Could you give the data that follows again exactly, without its pictures?
### STORED DATA ###
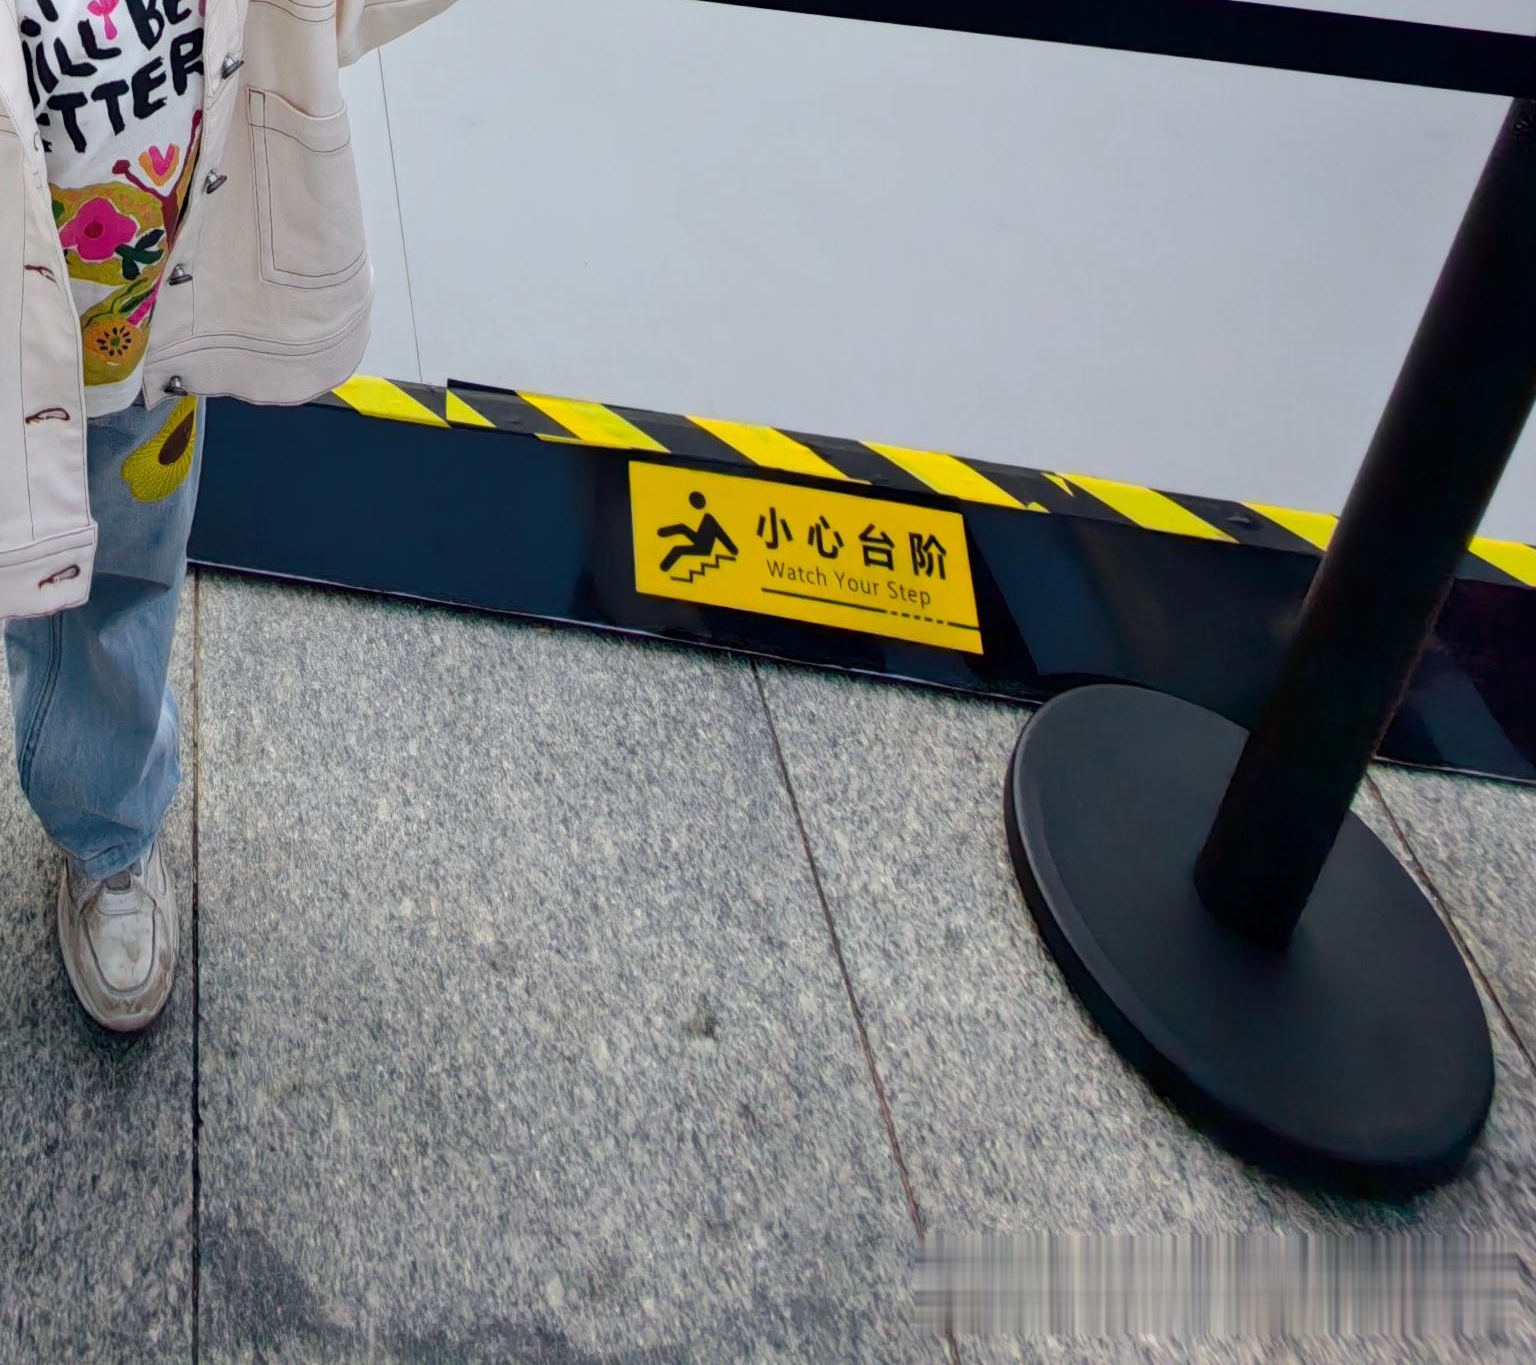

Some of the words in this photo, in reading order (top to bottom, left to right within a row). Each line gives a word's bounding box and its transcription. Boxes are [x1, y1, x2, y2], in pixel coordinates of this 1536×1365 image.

[756, 507, 947, 580] 小心台阶
[766, 559, 827, 587] Watch
[834, 571, 879, 596] Your
[888, 581, 932, 609] Step
###
SOLUTION TO THE PROBLEM:
Some of the words in this photo, in reading order (top to bottom, left to right within a row). Each line gives a word's bounding box and its transcription. Boxes are [x1, y1, x2, y2], in pixel coordinates of this 1536×1365 image.

[756, 507, 947, 580] 小心台阶
[766, 559, 827, 587] Watch
[834, 571, 879, 596] Your
[888, 581, 932, 609] Step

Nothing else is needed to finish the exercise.